Landkreis Neustadt a.d. Waldnaab Landkreis Neustadt a.d. Waldnaab

Neues Katastrophenschutzfahrzeug übergeben

Meldung vom 25.11.2019 Große Freude herrschte am 25.11.2019, als Landrat Andreas Meier am Landratsamt in Neustadt a.d. Waldnaab den neuen Gerätewagen-Logistik offiziell an die Freiwillige Feuerwehr Altenstadt a.d. Waldnaab übergeben konnte.

v.l.n.r.: Kreisrat Dominik Baschnagel, Kreisbrandrat Marco Saller, Klaus Lotter Landratsamt, Landrat Andreas Meier, Kommandant Gottfried Amschl,  Bürgermeister Ernst Schicketanz, 2. Kdt. Markus Lindner, KBM Sebastian Hartl
Übergabe des neuen Katastrophenschutzfahrzeuges

Das Fahrzeug wurde vom Landkreis für den Katastrophenschutz angeschafft und ist bei der Feuerwehr in Altenstadt stationiert. Das heißt, die Feuerwehr Altenstadt a.d. Waldnaab kann das Fahrzeug nutzen, bei überörtlichen Großbränden, Gefahrgut- oder ABC-Einsätzen, bei denen  eine größere Zahl an Atemschutzgeräten benötigt wird, besetzen und bedienen Mitglieder der Feuerwehr Altenstadt das Fahrzeug. Das Fahrzeug ist daher kein vorweihnachtliches „Geschenk“ an die Feuerwehr Altenstadt, sondern vielmehr eine Übertragung von Arbeit und Verantwortung.

Kreisbrandrat Marco Saller verwies darauf, dass dieses Fahrzeug bei den Brandserien in letzter Zeit schon gute Dienste geleistet hat. Des Weiteren erläuterte er die technische Ausstattung und den Einsatzzweck näher.
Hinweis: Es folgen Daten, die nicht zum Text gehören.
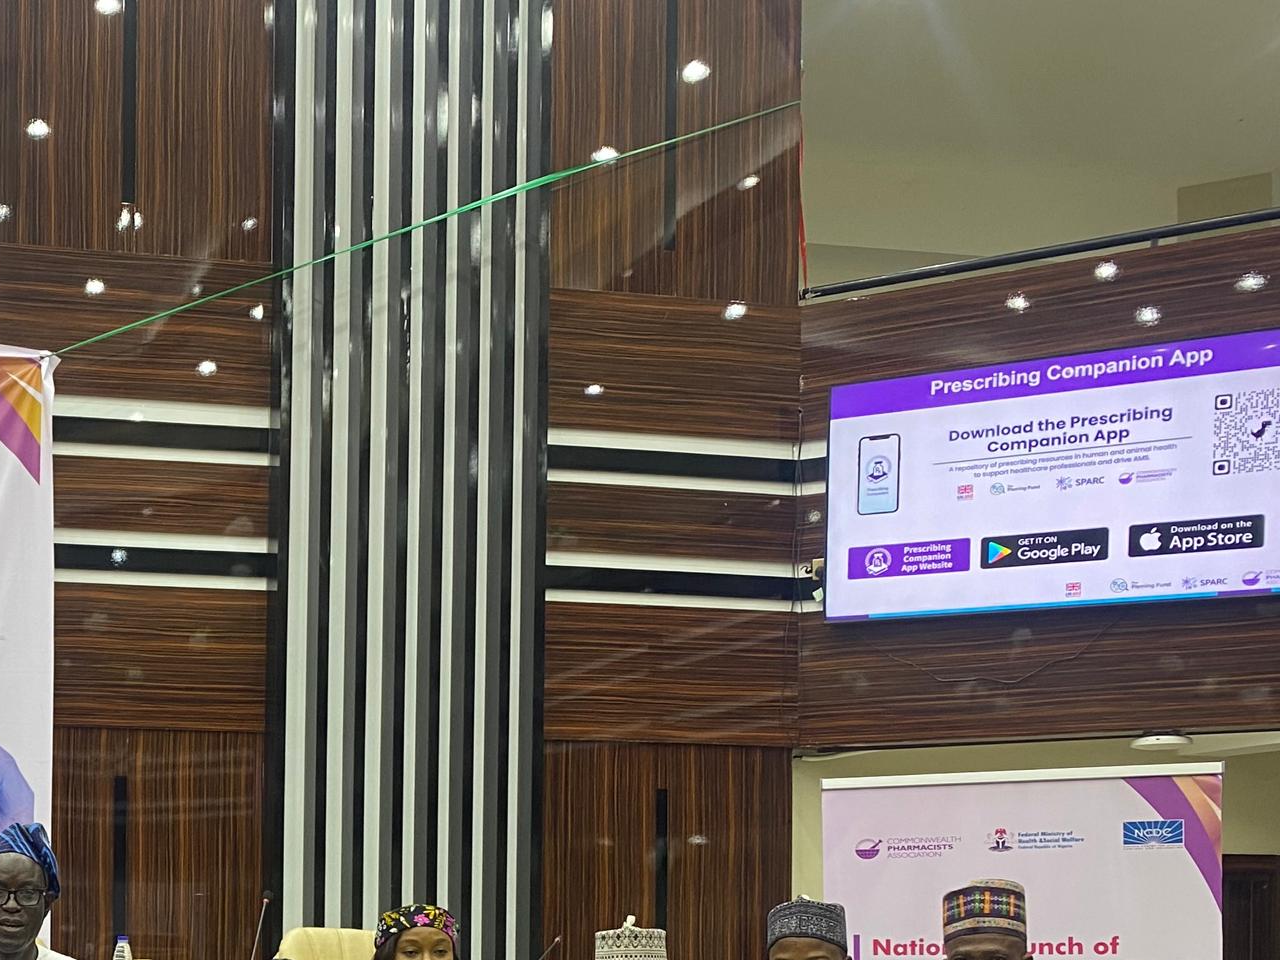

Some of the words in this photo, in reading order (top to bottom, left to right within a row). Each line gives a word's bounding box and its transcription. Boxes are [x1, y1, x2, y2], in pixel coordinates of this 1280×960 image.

Demnach ist das Fahrzeug u.a. mit insgesamt 24 Atemschutzgeräten ausgestattet (18 normale und 6 Überdruckgeräte).  Bei der Freiwilligen Feuerwehr Altenstadt bedankte er sich für die Bereitschaft, die Verantwortung und Wartung des Fahrzeugs zu übernehmen.  Zugleich sicherte er aber auch die Unterstützung der Landkreisfeuerwehrführung zu.

Bürgermeister Ernst Schicketanz bedankte sich für das Vertrauen in die Altenstädter Feuerwehr und versicherte, dass dieses Fahrzeug hier gut aufgehoben sein wird.

Kommandant Gottfried Amschl bestätigte diese Aussage und wies darauf hin, dass bereits heute Abend eine Einweisung stattfinden wird.

Alle Redner waren sich einig, dass dieses Fahrzeug so wenig Einsätze wie nötig haben soll und dass im Ernstfall alle Feuerwehrleute auch wieder gesund nach Hause kommen sollen.